Twitter : @megahwaiting
Blog     : http://megamyname.blogspot.com

Ini cerpennya original banget. Saya yang buat. pernah kirim ke majalah. tapi saya gak tau di prosese atau gak. jadi boleh silahkan di baca yaa ^_^

Monday, 25 June 2012

Cerpen Romantis: WANT YOU

WANT YOU
Oleh Bella Danny Justice

“maafkan aku fi, aku menyukai Priscilla. Aku mendekatimu supaya aku bisa kenal dengannya. Maafkan aku...”

Sudah 1 tahun berlalu tapi perkataan Jun masih teringat jelas dalam pikiranku. Setelah hubungan yang kami jalin selama 5 bulan, akhirnya ia mengaku bahwa ia berpacaran denganku hanya supaya ia bisa dekat dengan kakakku Priscilla. Pertama kali aku mendengar kata-kata itu keluar dari mulutnya aku memang merasa sangat jengkel. Aku seperti manusia bodoh, mudah di bohongi dan di sakiti.
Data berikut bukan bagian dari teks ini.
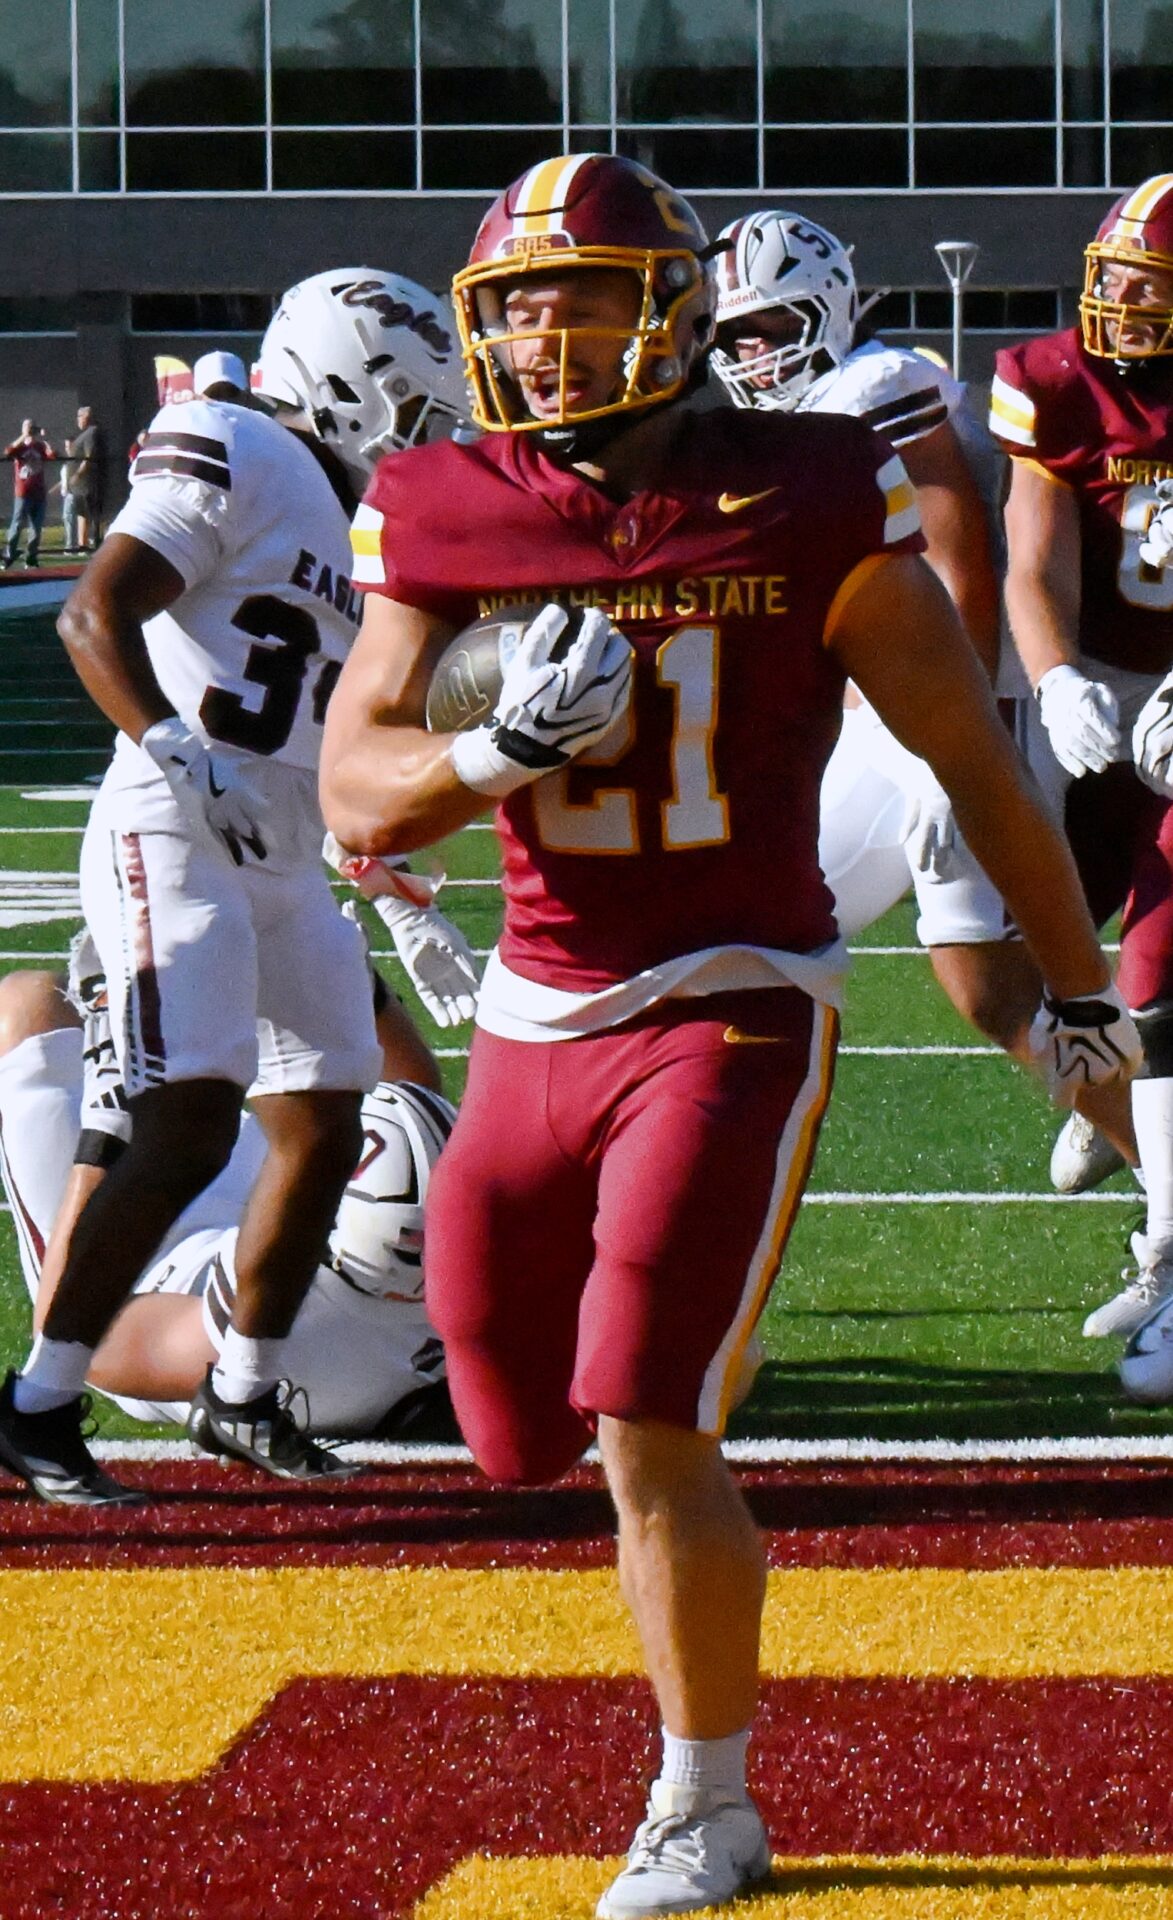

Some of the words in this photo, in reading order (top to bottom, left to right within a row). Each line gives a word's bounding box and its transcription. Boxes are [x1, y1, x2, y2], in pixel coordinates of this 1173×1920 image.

Namun sekarang aku bukan lagi seorang perempuan berseragam putih abu-abu yang terkenal labil. Aku sudah menjadi mahasiswi dan aku harus bangkit dari keterpurukanku dalam masalah percintaan. Sedangkan kakakku Priscilla kini tengah menjalani praktek di rumah sakit Kasih Bunda yang terkenal.

Dari lahir aku tidak pernah akrab dengannya, apalagi karna masalah Jun aku jadi semakin membencinya. Dia selalu merebut pria yang dekat denganku sejak SMP. Tak terlukiskan rasa kekesalanku pada Kak Silla. Aku layaknya bom waktu yang dapat meledak kapan saja, terlebih jika menyangkut hal yang berurusan dengan kakakku.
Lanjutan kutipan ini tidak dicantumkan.